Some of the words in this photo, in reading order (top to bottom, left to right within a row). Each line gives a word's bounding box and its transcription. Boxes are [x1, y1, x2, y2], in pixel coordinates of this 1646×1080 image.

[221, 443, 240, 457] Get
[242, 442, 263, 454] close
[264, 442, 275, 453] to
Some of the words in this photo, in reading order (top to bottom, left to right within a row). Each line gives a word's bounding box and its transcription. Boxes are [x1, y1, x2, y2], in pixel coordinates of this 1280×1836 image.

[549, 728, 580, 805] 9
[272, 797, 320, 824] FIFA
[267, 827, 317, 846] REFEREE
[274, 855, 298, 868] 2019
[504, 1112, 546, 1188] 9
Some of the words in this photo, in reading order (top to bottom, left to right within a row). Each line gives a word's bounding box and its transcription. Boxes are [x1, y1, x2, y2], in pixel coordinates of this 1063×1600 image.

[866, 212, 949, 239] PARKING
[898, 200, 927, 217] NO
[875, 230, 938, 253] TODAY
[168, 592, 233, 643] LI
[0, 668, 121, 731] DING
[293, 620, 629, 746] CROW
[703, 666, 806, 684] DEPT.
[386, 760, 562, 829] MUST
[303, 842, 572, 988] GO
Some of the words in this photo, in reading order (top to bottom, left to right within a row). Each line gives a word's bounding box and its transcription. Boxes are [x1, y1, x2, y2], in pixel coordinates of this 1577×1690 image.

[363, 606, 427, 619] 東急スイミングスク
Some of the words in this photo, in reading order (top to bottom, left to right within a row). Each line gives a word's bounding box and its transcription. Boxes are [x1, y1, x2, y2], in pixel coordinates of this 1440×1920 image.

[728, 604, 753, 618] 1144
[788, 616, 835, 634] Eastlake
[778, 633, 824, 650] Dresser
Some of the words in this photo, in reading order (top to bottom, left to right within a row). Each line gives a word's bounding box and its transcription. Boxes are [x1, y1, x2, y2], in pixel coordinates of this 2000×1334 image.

= The problem =
Exactly the lines between the one containing "this 1577×1690 image." and the end of the material, both ends included, must be retyped, with nothing added.

= Reply to the exercise =
Some of the words in this photo, in reading order (top to bottom, left to right within a row). Each line gives a word's bounding box and its transcription. Boxes are [x1, y1, x2, y2], in pixel coordinates of this 1577×1690 image.

[363, 606, 427, 619] 東急スイミングスク
Some of the words in this photo, in reading order (top to bottom, left to right within a row). Each line gives a word's bounding box and its transcription. Boxes are [x1, y1, x2, y2], in pixel coordinates of this 1440×1920 image.

[728, 604, 753, 618] 1144
[788, 616, 835, 634] Eastlake
[778, 633, 824, 650] Dresser
Some of the words in this photo, in reading order (top to bottom, left to right within a row). Each line gives a word's bounding box and its transcription. Boxes are [x1, y1, x2, y2], in pixel coordinates of this 2000×1334 image.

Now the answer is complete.